The Lord has told us that after the testimonies of His servants “cometh the testimony of earthquakes, that shall cause groanings in the midst of [the earth]. …

“And also cometh the testimony of the voice of thunderings, … lightnings, … tempests, and … waves of the sea heaving themselves beyond their bounds.” (D&C 88:89–90.)

“And in that day shall be heard of wars and rumors of wars. …

“And the love of men shall wax cold, and iniquity shall abound.” (D&C 45:26–27.)

“And plagues shall go forth.” (D&C 84:97.)

“And the whole earth shall be in commotion.” (D&C 45:26.)

Some of the greatest disasters are social and are occurring in places of relative peace and prosperity. It is sobering and saddening to view a world so full of pain. It is ironic that at a time when the fulness of the truth is available, society in general is choosing its own way of life under the banner of liberation and freedom. The cause and effect of following incorrect principles is coming into play, and we find pain and suffering everywhere in the form of broken homes, bodies, minds, and spirits.

Hence, we live in a world where there exists an infinite need for remedial help requiring financial and human resources of which there is a finite supply. If we lived in a world where gospel principles were understood and practiced by all mankind, resources would be adequate for all needs. The Lord has assured us: “It is my purpose to provide for my saints, for all things are mine.

“But it must needs be done in mine own way; and behold this is the way that I, the Lord, have decreed to provide for my saints, that the poor shall be exalted, in that the rich are made low.

“For the earth is full, and there is enough and to spare.” (D&C 104:15–17.)

“Thou Wilt Remember the Poor”

The scriptural charge relative to taking care of the casualties of our society is abundantly clear in our dispensation. On 2 January 1831, only nine months after the Church was organized, the Lord said: “And for your salvation I give unto you a commandment, for I have heard your prayers, and the poor have complained before me, and the rich have I made, and all flesh is mine, and I am no respecter of persons.” (D&C 38:16.)

Just one month later the Lord said: “If thou lovest me thou shalt serve me and keep all my commandments.

“And behold, thou wilt remember the poor, and consecrate of thy properties for their support.” (D&C 42:29–30.)

The importance of this commandment was dramatically illustrated again, in June of the same year, in a revelation received by the Prophet Joseph Smith. The Lord directed twenty-eight of the elders to travel two by two from Kirtland to Jackson County, Missouri. They were to go by different routes, preaching the gospel as they went. They were destitute and had to travel through primitive country. This was the background against which the Lord said to these men as they started, “Remember in all things the poor and the needy, the sick and the afflicted, for he that doeth not these things, the same is not my disciple.” (D&C 52:40.) Even though the missionaries were nearly destitute, the Lord said, “Remember … the poor and the needy.”
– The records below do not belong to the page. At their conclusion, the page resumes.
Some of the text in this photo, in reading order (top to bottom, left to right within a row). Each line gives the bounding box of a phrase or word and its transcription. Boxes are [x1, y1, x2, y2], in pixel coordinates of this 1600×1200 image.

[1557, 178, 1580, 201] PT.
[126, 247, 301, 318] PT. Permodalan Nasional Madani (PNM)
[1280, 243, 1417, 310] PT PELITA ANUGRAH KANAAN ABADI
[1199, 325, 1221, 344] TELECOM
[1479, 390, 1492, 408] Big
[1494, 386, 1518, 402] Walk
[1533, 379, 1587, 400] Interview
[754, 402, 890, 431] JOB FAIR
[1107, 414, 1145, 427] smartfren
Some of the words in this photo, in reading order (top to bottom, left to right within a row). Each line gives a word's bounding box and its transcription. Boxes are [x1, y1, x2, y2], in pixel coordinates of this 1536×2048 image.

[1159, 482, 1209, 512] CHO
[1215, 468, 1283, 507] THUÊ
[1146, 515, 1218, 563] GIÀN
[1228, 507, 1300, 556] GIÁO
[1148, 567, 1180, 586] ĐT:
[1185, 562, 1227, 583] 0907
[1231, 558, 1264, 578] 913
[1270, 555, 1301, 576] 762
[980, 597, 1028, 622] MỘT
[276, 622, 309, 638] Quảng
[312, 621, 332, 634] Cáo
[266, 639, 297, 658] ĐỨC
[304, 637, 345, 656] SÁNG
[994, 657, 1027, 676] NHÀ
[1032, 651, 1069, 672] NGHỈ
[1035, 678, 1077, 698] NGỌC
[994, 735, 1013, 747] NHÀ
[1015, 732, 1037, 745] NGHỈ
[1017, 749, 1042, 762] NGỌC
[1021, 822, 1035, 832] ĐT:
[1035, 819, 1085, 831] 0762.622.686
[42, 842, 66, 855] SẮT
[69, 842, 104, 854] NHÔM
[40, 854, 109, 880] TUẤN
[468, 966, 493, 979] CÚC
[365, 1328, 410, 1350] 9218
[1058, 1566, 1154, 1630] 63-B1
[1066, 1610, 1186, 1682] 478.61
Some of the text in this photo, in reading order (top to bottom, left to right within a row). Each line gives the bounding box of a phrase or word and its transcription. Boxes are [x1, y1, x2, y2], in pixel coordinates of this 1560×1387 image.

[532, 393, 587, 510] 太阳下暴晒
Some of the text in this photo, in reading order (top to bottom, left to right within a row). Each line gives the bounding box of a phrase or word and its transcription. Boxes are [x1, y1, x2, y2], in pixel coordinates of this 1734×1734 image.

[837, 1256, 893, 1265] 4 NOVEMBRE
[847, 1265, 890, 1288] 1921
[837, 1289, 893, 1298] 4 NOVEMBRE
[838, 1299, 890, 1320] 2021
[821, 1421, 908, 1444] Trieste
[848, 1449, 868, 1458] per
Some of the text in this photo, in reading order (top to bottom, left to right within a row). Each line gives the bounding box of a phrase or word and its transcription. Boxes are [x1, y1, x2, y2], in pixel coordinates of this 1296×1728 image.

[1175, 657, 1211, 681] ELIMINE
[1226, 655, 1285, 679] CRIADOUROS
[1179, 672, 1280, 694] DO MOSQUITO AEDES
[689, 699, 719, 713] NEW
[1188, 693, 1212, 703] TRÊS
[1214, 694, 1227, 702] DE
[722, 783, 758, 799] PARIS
It is worthy to note to whom the commandments to take care of the poor were given. My review of the scriptures on this subject suggests to my mind that it is more of an individual responsibility than an institutional one. The Church gets involved to make it easier for the members to accomplish this objective. For example, bishops are called who receive sacred donations from members and, with the mantle of bishop, make judgments as to which members are in need. This does not or should not deprive any of us of the opportunity to help each other one-on-one. However, if it were left up to individuals alone, without some form of organization, there would be inefficiencies. Some people would receive more than they need and others would receive nothing because we may not be aware of their need.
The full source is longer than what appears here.